24 de noviembre de 2013

Soñar

Habían pasado algunos años desde la última vez que nos vimos, esa noche en un restaurant que frecuentaba la encontré. Fue extraño al comienzo y la miré de reojos. Ella compartía en una mesa algo distante a la mía, sonría y hablaba animadamente.

En un momento de la noche cruzamos miradas y se detuvo por un segundo el tiempo. Podía observar claramente cada gesto de su cara, su sonrisa, esos labios rojos que me cautivaron, el movimiento de su mano y la postura de su cabeza que dejaba ver la hermosura de su cuello. La apertura de su vestido obsequiaba una bella vista de su hombro, lo que me tenía loco.

Mucho tiempo había pasado y no me atrevía a acercarme a hablarle, no sabría que decirle a la cara, quizás tartamudearía del nerviosismo, era todo tan confuso para mí.

Desviaba  la mirada e intentaba pensar en otra cosa, pero luego me descubría mirándola. Era tan hermosa, tan atrayente, tan sensual que todo el mundo la observaba. De cierta forma ella lo sabía y yo intentaba pasar desapercibido entre la multitud.

Era imposible no voltear a verla, esos lunares en su cuello me tenían loco. Creo que me acercaré a ella, intentaré hablarle.

Nunca una distancia tan corta se me había hecho tan eterna, me sentía observado y disminuido, quedaban dos mesas, tan solo dos mesas que nos separaban y parecía una eternidad el camino entre ambos.

Al llegar a su lado me quedé sin palabras, miré a sus acompañantes buscando alguien familiar. – Hola -. Dije tímidamente. Ella me miró y tuve que repetir el saludo. – Hola -. Me dijo ella sonriendo y el corazón parecía que me iba a explotar.

- Te vi a lo lejos y pensé en pasar a saludarte. -. Disparé como si se me acabara el aire, mientras ella me miraba fijamente a los ojos. Estaba nervioso y el que ella lo notara empeoraba todo.

En ese momento perdí totalmente la noción del tiempo, hablamos muchas cosas sin importancia, hablamos de viejos tiempos, nos actualizamos un poco y seguimos conversando. Intentaba parecer calmado, pero cada segundo era una eternidad, no podía dejar de mirar sus labios y desear besarla. Era ella quién controlaba la situación y yo me sentía como su mascota, encerrado en una jaula sin saber que iba a ser de mí.

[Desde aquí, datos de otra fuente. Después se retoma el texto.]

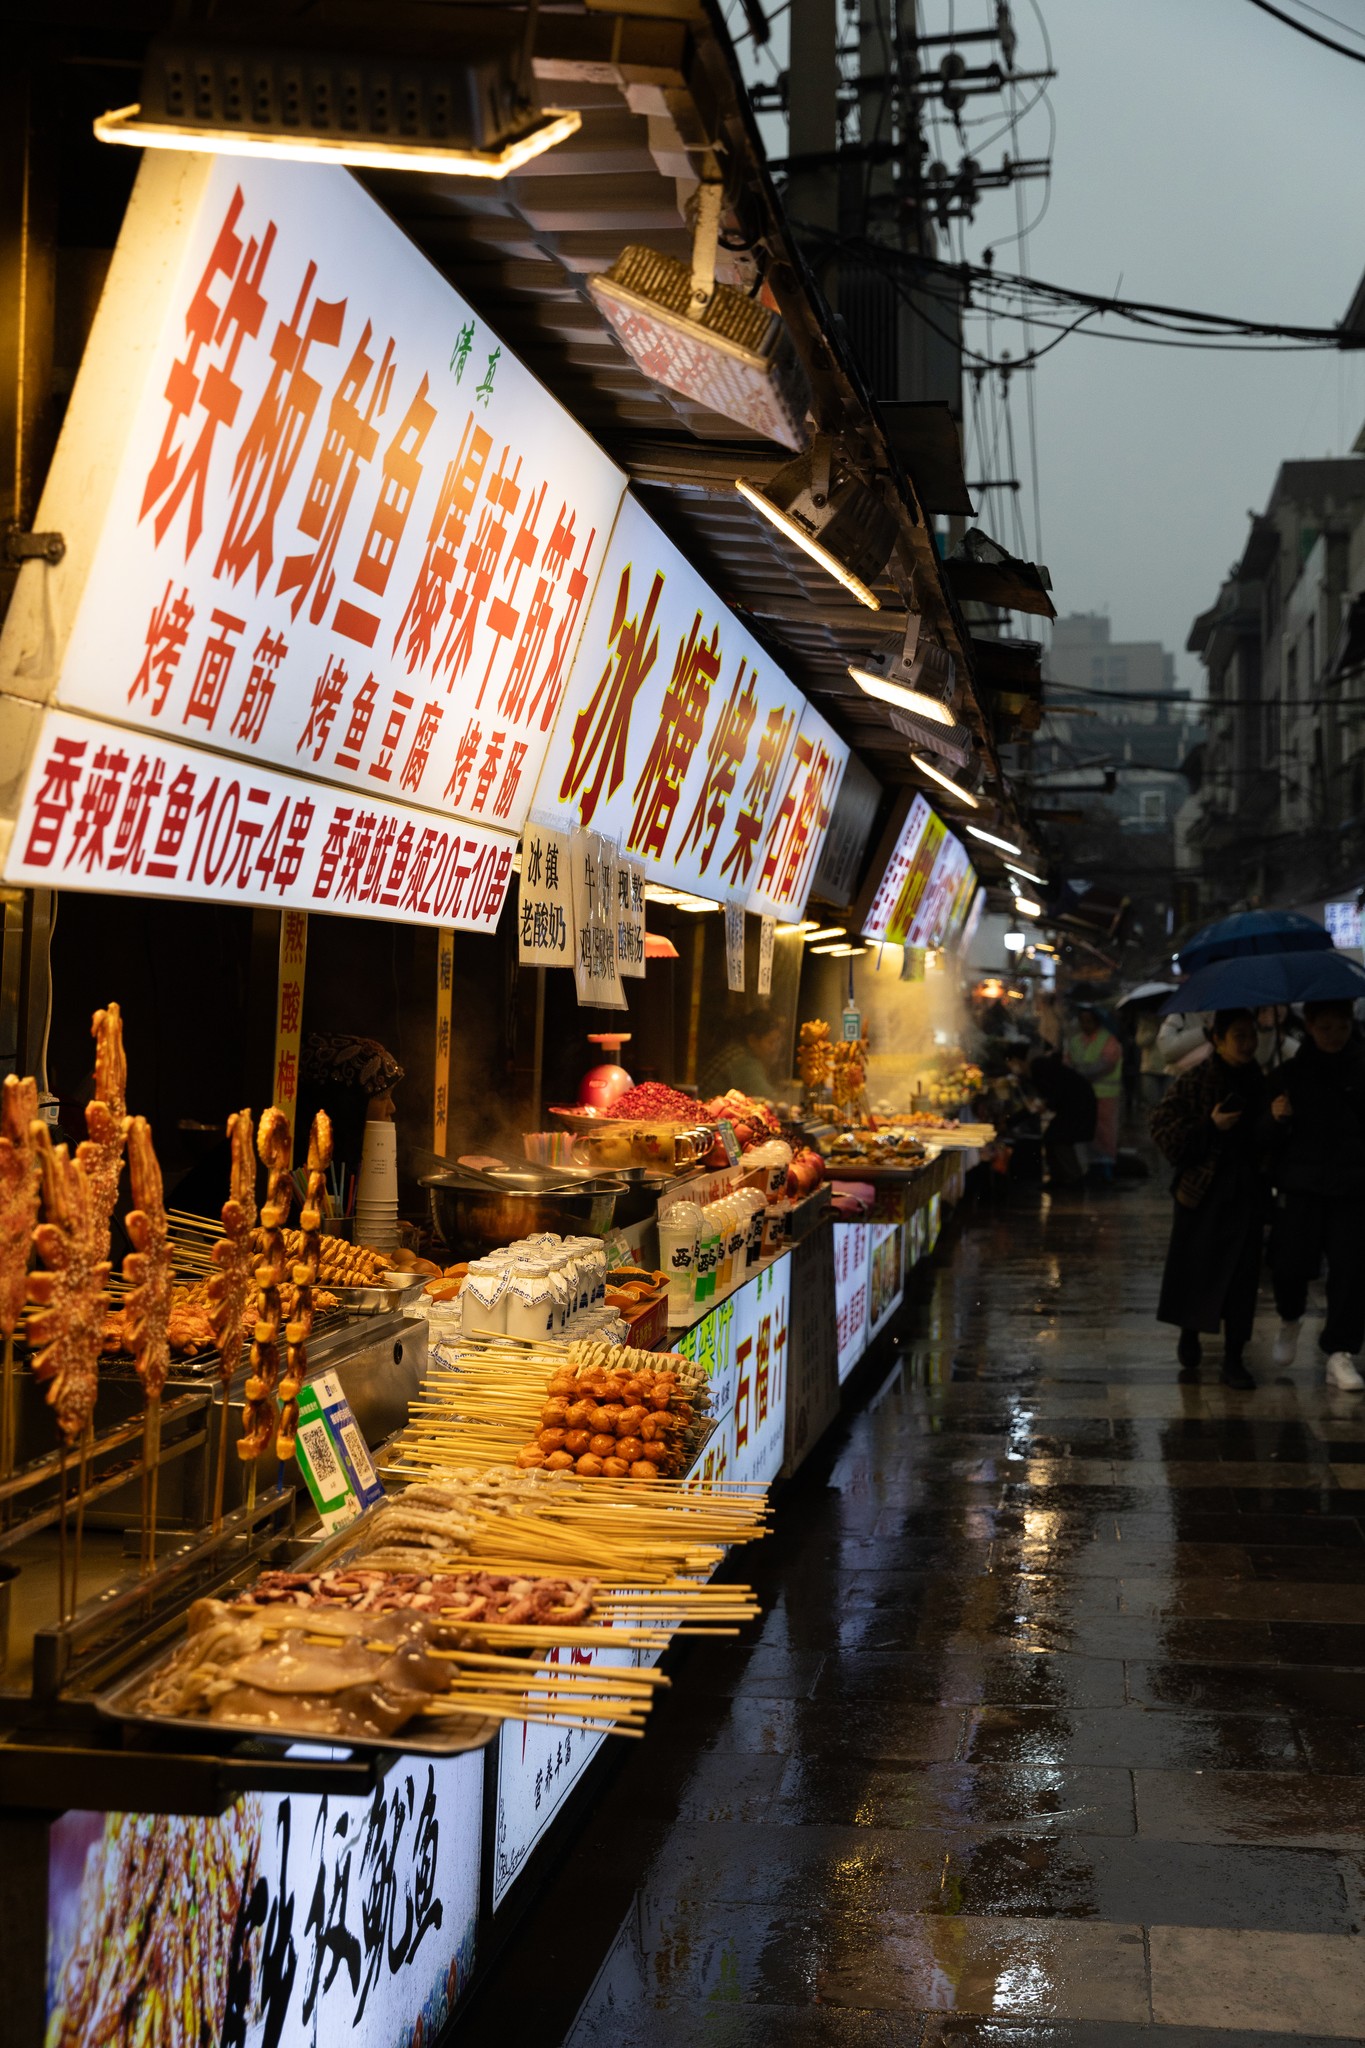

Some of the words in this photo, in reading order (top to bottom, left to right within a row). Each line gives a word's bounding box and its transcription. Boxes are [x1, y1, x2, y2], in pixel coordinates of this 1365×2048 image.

[450, 320, 501, 408] 清真
[137, 182, 438, 648] 铁板鱿鱼
[391, 410, 597, 732] 爆辣牛筋丸
[128, 579, 289, 744] 烤面筋
[297, 653, 444, 793] 烤鱼豆腐
[442, 717, 529, 819] 烤香肠
[558, 561, 796, 888] 冰糖烤梨
[23, 736, 316, 897] 香辣鱿鱼10元4串
[312, 807, 512, 924] 香辣鱿鱼须20元10串
[527, 838, 559, 890] 冰镇
[757, 733, 843, 909] 石榴汁
[520, 899, 566, 951] 老酸奶
[618, 921, 643, 964] 酸梅汤
[734, 1296, 786, 1460] 石榴汁

La noche iba terminando, pensé en invitarla a una segunda parte, pero no me atreví. Aún era muy pronto para eso, yo no pertenecía a su realidad. Llegué a mi casa y me recosté sobre mi cama mirando al techo pensando en ella, en su sonrisa, en el gesto que hizo al saludarme, en su cuello, en su piel, en su voz… En lo ridículo que me veía hablando con ella temblando como un bebé. Quizás en un tiempo más, si nos volvemos a encontrar y compartimos más. Por ahora, sólo me queda dormir y soñar.